**PROBLEM TO WORK ON:**
Make an exact copy of the records, with the images left out.

**GIVEN RECORDS:**
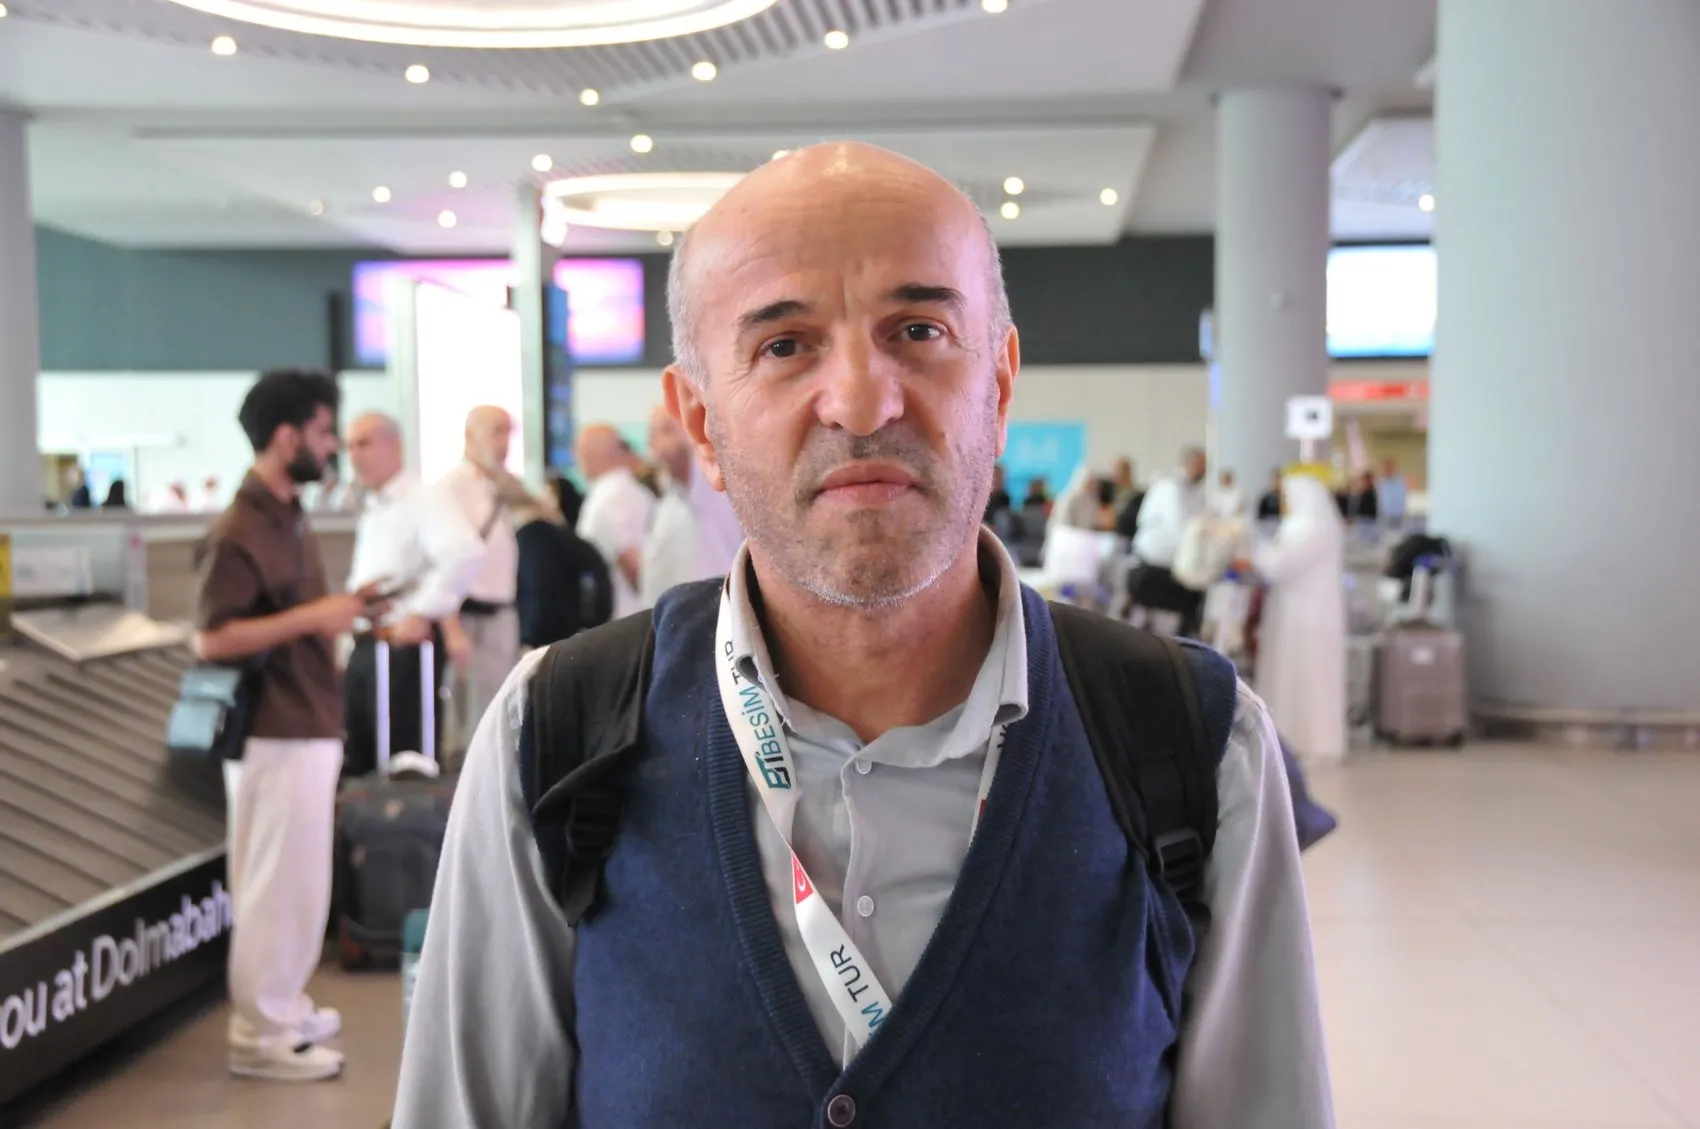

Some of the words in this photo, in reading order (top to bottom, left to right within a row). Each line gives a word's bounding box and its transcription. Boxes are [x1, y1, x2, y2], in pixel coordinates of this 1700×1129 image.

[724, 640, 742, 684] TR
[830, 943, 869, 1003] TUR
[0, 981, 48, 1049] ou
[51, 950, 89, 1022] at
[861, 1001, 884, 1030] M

**EXERCISE SOLUTION:**
Some of the words in this photo, in reading order (top to bottom, left to right within a row). Each line gives a word's bounding box and its transcription. Boxes are [x1, y1, x2, y2], in pixel coordinates of this 1700×1129 image.

[724, 640, 742, 684] TR
[830, 943, 869, 1003] TUR
[0, 981, 48, 1049] ou
[51, 950, 89, 1022] at
[861, 1001, 884, 1030] M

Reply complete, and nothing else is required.